Every line below must come back exactly as it stands, with the images omitted.

— Supplied records —

*** Begin section ***

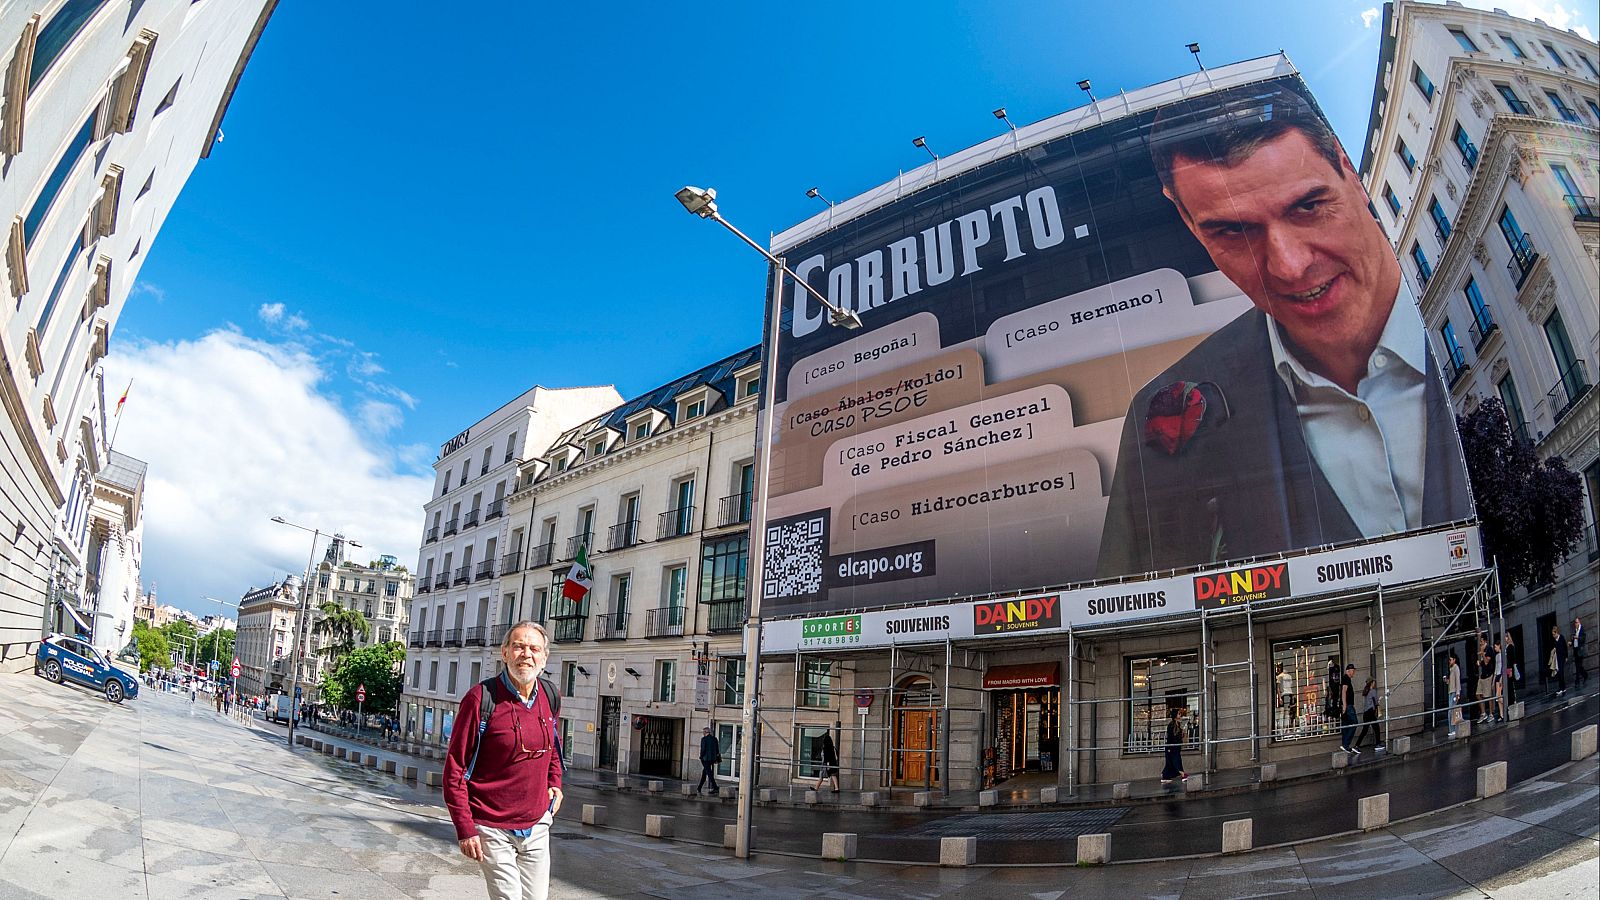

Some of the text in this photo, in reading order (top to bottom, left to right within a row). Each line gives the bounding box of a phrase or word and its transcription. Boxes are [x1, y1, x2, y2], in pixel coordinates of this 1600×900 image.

[1005, 289, 1163, 348] [Caso Hermano]
[805, 333, 917, 384] [Caso Begoña]
[790, 364, 963, 430] [Caso Ábalos/Koldo]
[862, 389, 928, 422] PSOE
[839, 398, 1051, 465] [Caso Fiscal General
[851, 423, 1033, 477] de Pedro Sánchez]
[852, 472, 1075, 531] [Caso Hidrocarburos]
[838, 550, 923, 579] elcapo.org
[1316, 554, 1394, 583] SOUVENIRS
[1196, 564, 1286, 600] DANDY
[975, 597, 1057, 625] DANDY
[1088, 590, 1167, 616] SOUVENIRS
[1232, 591, 1267, 604] SOUVENIRS
[804, 620, 860, 633] SOPORTES
[886, 615, 950, 635] SOUVENIRS
[1006, 620, 1039, 630] SOUVENIRS
[803, 635, 860, 646] 91 748 98 99

*** End section ***

— Completed task —
Some of the text in this photo, in reading order (top to bottom, left to right within a row). Each line gives the bounding box of a phrase or word and its transcription. Boxes are [x1, y1, x2, y2], in pixel coordinates of this 1600×900 image.

[1005, 289, 1163, 348] [Caso Hermano]
[805, 333, 917, 384] [Caso Begoña]
[790, 364, 963, 430] [Caso Ábalos/Koldo]
[862, 389, 928, 422] PSOE
[839, 398, 1051, 465] [Caso Fiscal General
[851, 423, 1033, 477] de Pedro Sánchez]
[852, 472, 1075, 531] [Caso Hidrocarburos]
[838, 550, 923, 579] elcapo.org
[1316, 554, 1394, 583] SOUVENIRS
[1196, 564, 1286, 600] DANDY
[975, 597, 1057, 625] DANDY
[1088, 590, 1167, 616] SOUVENIRS
[1232, 591, 1267, 604] SOUVENIRS
[804, 620, 860, 633] SOPORTES
[886, 615, 950, 635] SOUVENIRS
[1006, 620, 1039, 630] SOUVENIRS
[803, 635, 860, 646] 91 748 98 99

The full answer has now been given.